# Mechanische Tastatur klebende Switches



## CyberLotus (28. Juli 2013)

Hallo liebe Community,

komme gersde von ner Lanparty zurück, und mir ist wohl irgendein Getränk (Höchstwarscheinlich Bier) auf meine Das Keyboard Tastatur mit blauen Switches gelaufen.
3 Tasten kleben nun, und ich kann gerade keinen Schlaf finden..
Habe Kappen in dem Bereich alle abgebaut, habe aber keine Ahnung wie ich die switches sauber bekomme...
Einfach Spiritus oder sonstwelche Reinigungsmittel auf nen altes Handtuch und über die Stelle reiben und hoffen das etwas einzieht? 
Irgendwie die ganze Tastatur öffnen und.. sonstwas tun? (Keine Ahnung wie, hinten alle Schrauben raus, geht aber nicht, wollte es noch nicht mit sanfter Gewalt versuchen...) 

Bitte um Hilfe


----------



## loller7 (28. Juli 2013)

Hier: http://extreme.pcgameshardware.de/eingabegeraete-und-peripherie/285764-saft-ueber-tastatur.html


----------



## biosmanager (28. Juli 2013)

loller7 schrieb:


> Hier: http://extreme.pcgameshardware.de/eingabegeraete-und-peripherie/285764-saft-ueber-tastatur.html


 
Genau, das ist mein Thread  Mir ist das selbe Missgeschick passiert.
Ich fass mal zusammen was ich gemacht hab:
- Tastatur auseinanderbauen (würde ich auf jeden Fall machen)
- gründlich mit einem feuchten Tuch reinigen
- zusätzlich hab ich das Board noch "ausgesaugt", einfach mit dem Staubsauger an die Switches ran, da kam ne Menge Wasser raus 

Möglichkeiten um das Keyboard zu reinigen:
- da ich mal annehme, dass die Switches bei einem Das Keyboard auf einer Metallplatte sind: Schalter auslöten und reinigen/ersetzen (soweit ich weiß bekommt man bei Das Keyboard auch einzelne Schalter, die würden dann genau für dein Modell passen, da es von den Switches ja einmal die Version mit Fixierstiften und einmal ohne gibt)
- Platine mit den Switches in einem Bad reinigen, es empfiehlt sich:
   - dest. Wassser
   - Isopropanol (löst Zucker schlecht, könnte bei Bier aber helfen)
   - Spiritus (würde ich nicht machen, kann Spuren hinterlassen)
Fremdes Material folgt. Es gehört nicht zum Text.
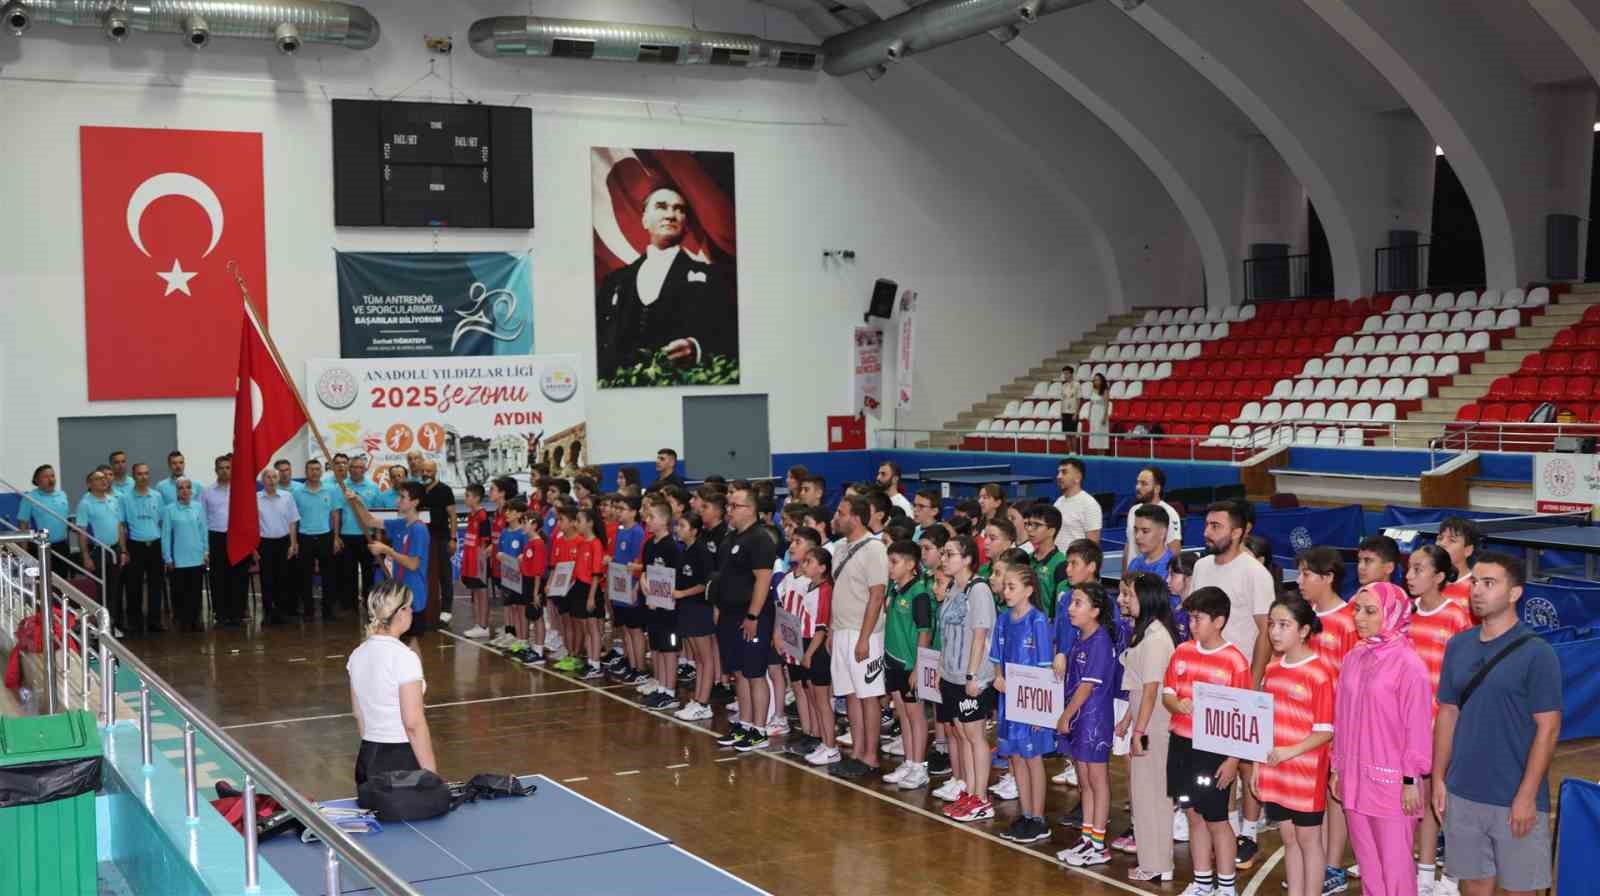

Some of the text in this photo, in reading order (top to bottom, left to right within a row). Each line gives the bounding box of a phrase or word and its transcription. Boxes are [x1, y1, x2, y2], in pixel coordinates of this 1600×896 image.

[363, 294, 434, 304] TÜM ANTRENÖR
[352, 304, 443, 314] VE SPORCULARIMIZA
[355, 315, 442, 327] BAŞARILAR DİLİYORUM
[367, 365, 534, 380] ANADOLU YILDIZLAR LİGİ
[371, 385, 438, 408] 2025
[494, 411, 542, 425] AYDIN
[1016, 684, 1053, 713] AFYON
[1205, 706, 1260, 745] MUĞLA
Ich bin mir auch noch nicht so ganz sicher, was ich machen werde.
Wahrscheinlich löte ich die Schalter aus und reinige/ersetze sie.
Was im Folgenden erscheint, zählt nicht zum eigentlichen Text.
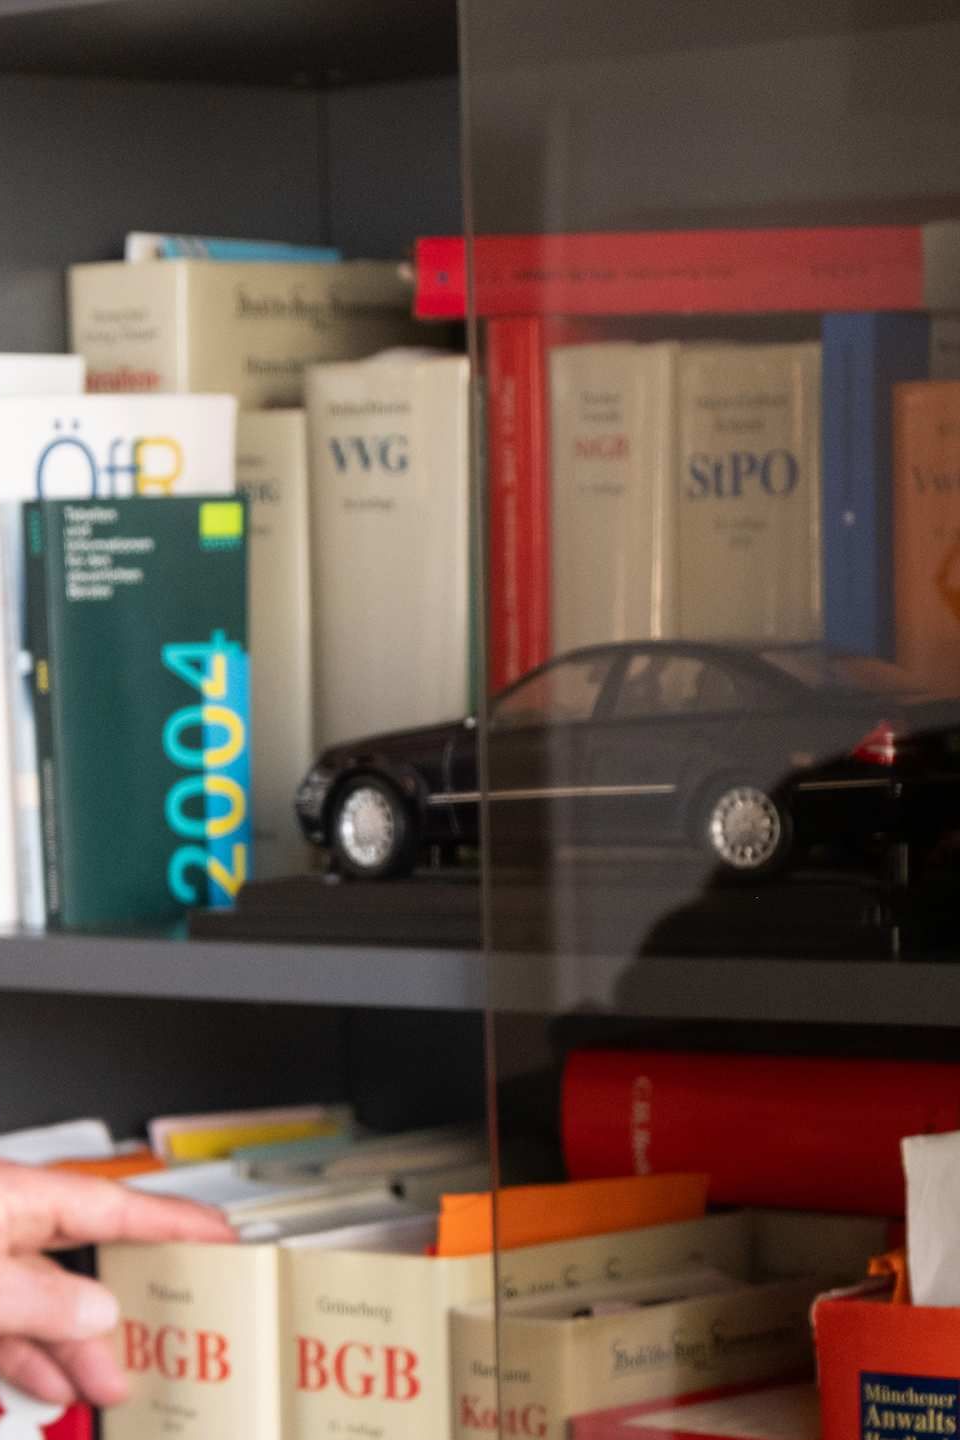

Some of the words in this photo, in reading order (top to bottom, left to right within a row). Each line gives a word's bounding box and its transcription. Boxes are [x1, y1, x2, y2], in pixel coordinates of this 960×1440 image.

[688, 449, 799, 501] StPO
[161, 628, 246, 906] 2004
[121, 1318, 232, 1384] BGB
[294, 1334, 422, 1402] BGB
[864, 1384, 957, 1408] Münchener
[866, 1404, 958, 1434] Anwalts
Viel Glück noch bei deiner Tastatur

Grüße
biosmanager


----------



## CyberLotus (28. Juli 2013)

So, jetzt wo ich auch nochmal etwas geschlafen habe, äußer ich mich auch nochmal 

Ich habe jetzt die Tastatur aufgeschraubt, und mit Spiritus, weil sonst nix da war, und ich aus Panik wenigstens etwas machen wollte, die Switches "abgerieben".
Die Tasten kleben echt sehr krass, mal sehen... ich konnte die Switches auch nicht aufmachen, wie ich das in nem Youtube Video gesehen habe, wäre cool gewesen die Feder mal sauber zu machen...
Überlege dann Morgen wie es weiter geht, kaufe wahrscheinlich neue Switches...

Danke für die Hilfe!


----------



## Superwip (28. Juli 2013)

Bier enthält verschiedene Inhaltsstoffe, etwa Maltose die noch schlechter, insbesondere schlechter in organischen Lösungsmitteln löslich sind als etwa Fructose aus Fruchtsäften. Ich würde daher ein Reinigungsverfahren mit warmem, destilliertem Wasser empfehlen.


----------



## CyberLotus (29. Juli 2013)

Die betroffenen Switches vorher auslöten, oder einfach ruhig die ganze Technik in einen Bottich mit dem Wasser stellen und lange trocknen lassen? Ansonsten kaufe ich mir halt irgendwo (Weiß wer wo? ;D ) 11 neue Switches, destilliertes Wasser wäre natürlich wesentlich günstiger...

mfG


----------



## Superwip (29. Juli 2013)

Die einzelnen Switches vorher auslöten ist aufwendiger aber sicherer, wenn du die ganze Tastatur badest riskierst du Schäden an der Elektronik.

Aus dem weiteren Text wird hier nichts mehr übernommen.